Thursday, May 19, 2011

IT MAKES MORE SENSE TO BLAME IT ON THEIR MOTHERS FOR GIVING BIRTH

Well well, so the church has found some educated idiots at John Jay College of Criminal Justice to come up with the loony Woodstock excuse. It makes more sense to blame the sex abuse of altar boys on the mothers who gave birth to the church’s pedophile priests.

‘BLAME WOODSTOCK’: BISHOPS CITE 60S TURMOIL FOR ROMAN CATHOLIC SEX ABUSE SCANDAL

Mail Online
May 18, 2011

Neither the all-male celibate priesthood nor homosexuality caused the Roman Catholic Church’s sexual abuse crisis, according to a five-year study commissioned by bishops from the faith.

It says the abuse occurred because priests who were poorly prepared and stressed landed amid the social and sexual turmoil of the 1960s and 70s, The New York Times reported yesterday.

The ‘blame Woodstock’ explanation has been floated by bishops for years but the study was likely to be regarded as the most authoritative analysis of the scandal in the Catholic Church in America, the paper reported.

Widespread abuse scandals involving Roman Catholic priests in Boston has led to the U.S. church making settlements totalling some $3billion (£1.8billion).

The U.S. Conference of Catholic Bishops planned to release today the report by researchers at New York's John Jay College of Criminal Justice.

The researchers concluded that it was not possible for the Church, or for anyone, to identify abusive priests in advance, according to the newspaper, which obtained an advance copy of the report.

The study concluded that many more boys than girls were victimized, not because the perpetrators were gay, but simply because the priests had more access to boys than to girls, the newspaper reported.

The Vatican has for years been struggling to control the damage that sexual abuse scandals in the U.S. and several European countries have done to the Church's image.

On Monday, the Vatican told bishops around the world that they must make it a global priority to root out sexual abuse of children by priests.

The Roman Catholic Church said in a letter that bishops should cooperate with civil authorities to end the abuse.

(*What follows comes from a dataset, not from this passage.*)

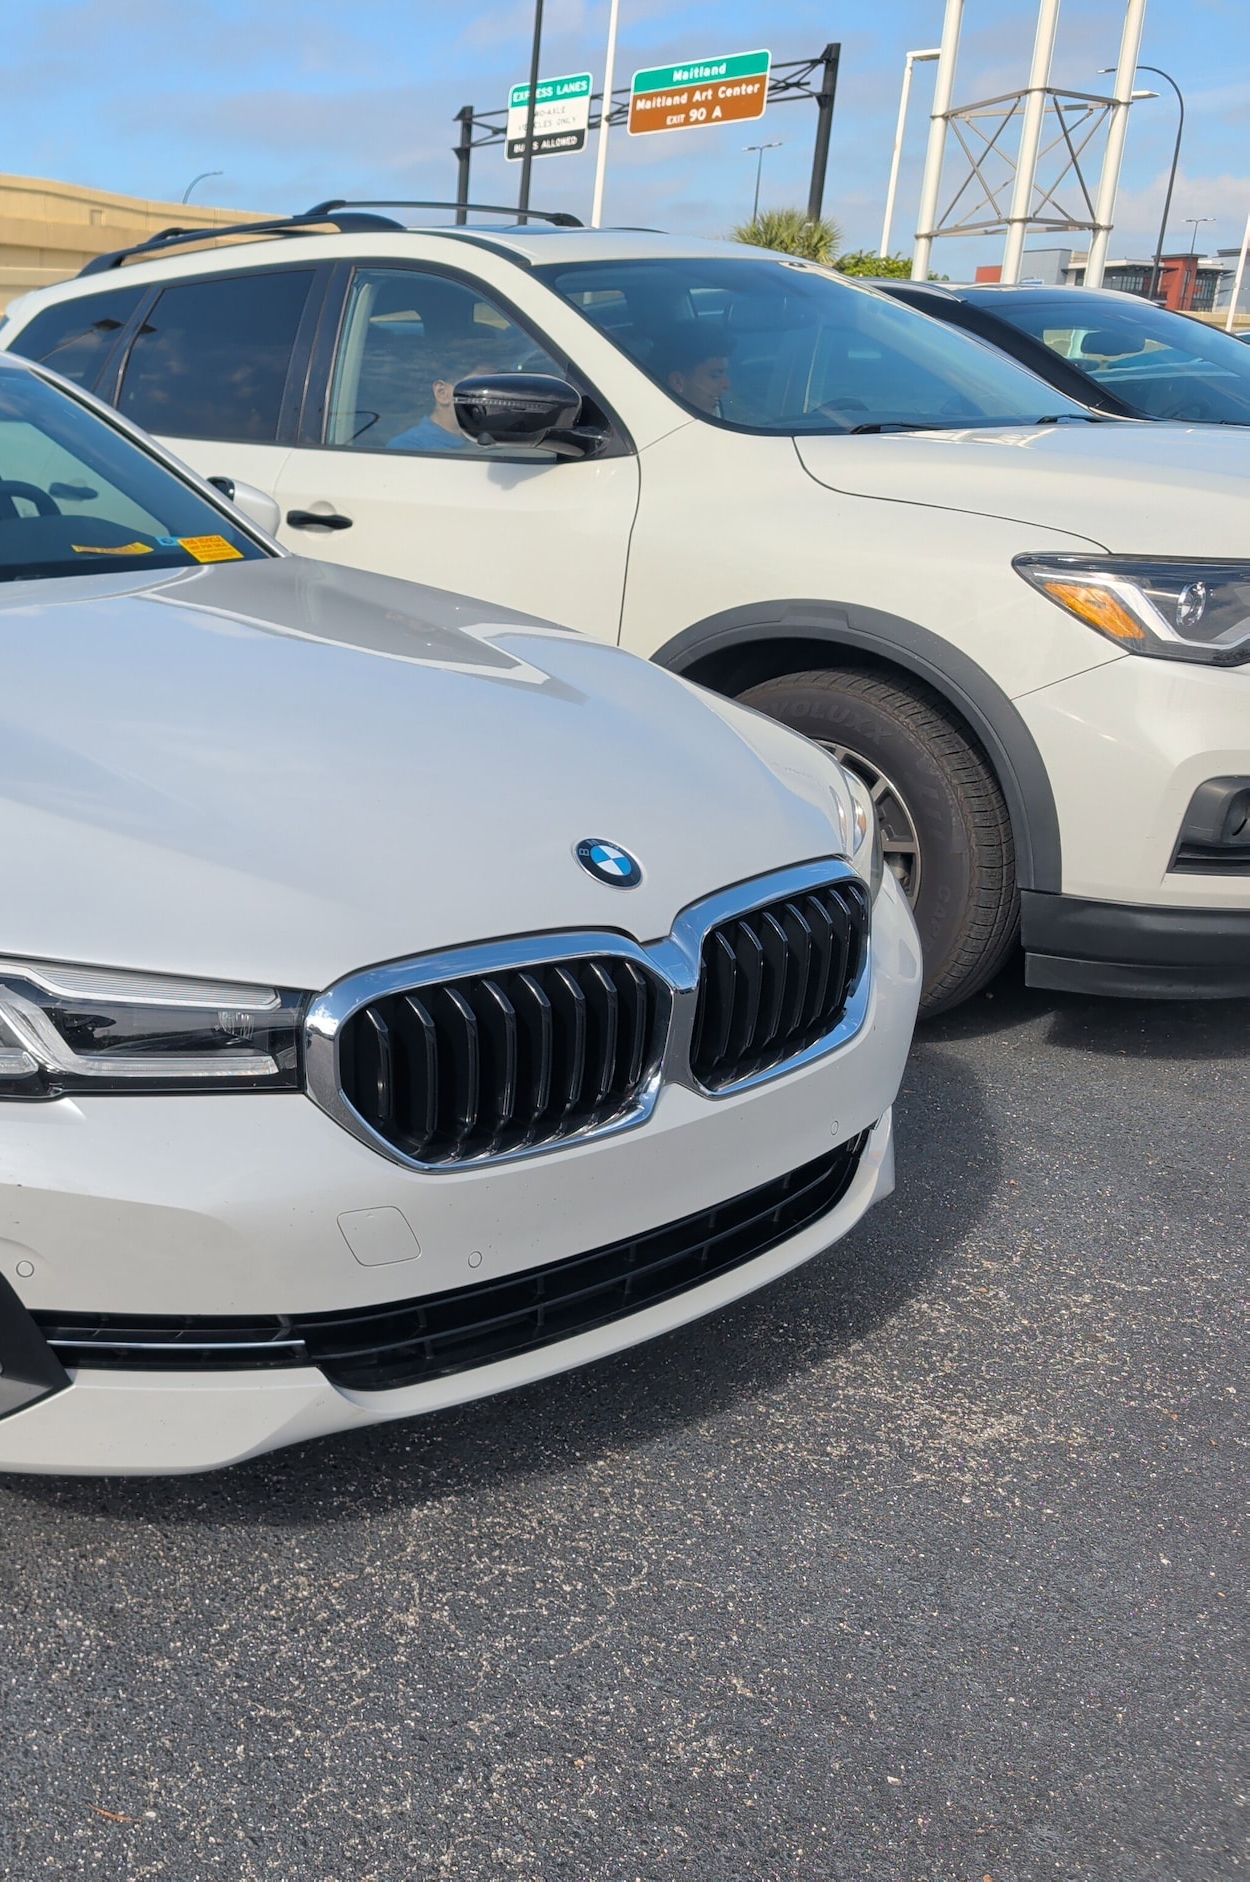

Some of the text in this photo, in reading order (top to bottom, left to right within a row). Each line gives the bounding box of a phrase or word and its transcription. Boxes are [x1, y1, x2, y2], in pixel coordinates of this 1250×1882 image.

The clergy sex abuse scandal first erupted in the United States back in 1985 when Louisiana priest Gilbert Gauthe pleaded guilty to the molestation of young boys.

It reached a crisis point after former Massachusetts priest John Geoghan was accused of sexual abuse involving 130 boys.

He was defrocked in 1998 and sent to jail for ten years in 2002 for indecent assault and battery.

He was later murdered in his cell by a fellow inmate.

The Geoghan scandal led to the resignation of Boston's archbishop, Cardinal Bernard Francis Law, and the direct intervention of the Vatican, which printed guidelines on dealing with pedophile clergy and stated that Rome would oversee all future cases.

The latest scandal in the U.S has seen the archbishop of Philadelphia, Cardinal Justin Rigali, suspend 21 priests accused of sex abuse, following a two-year grand jury investigation.

The cardinal said he was 'truly sorry' for the harm done to the victims and community who suffer as a result of this 'great evil and crime'.

He added: 'I know for many people their trust in the Church has been shaken.

'I pray the efforts to address these cases of concern and to re-evaluate our way of handling allegations will help rebuild that trust in truth and justice.'

The jury's two-year investigation into priest abuse in the archdiocese resulted in charges against two priests, a former cleric and a Catholic school teacher of raping and assaulting young boys.

Protesters have been distributing leaflets about sexual assault outside the Cathedral Basilica of Saints Peter and Paul in Philadelphia.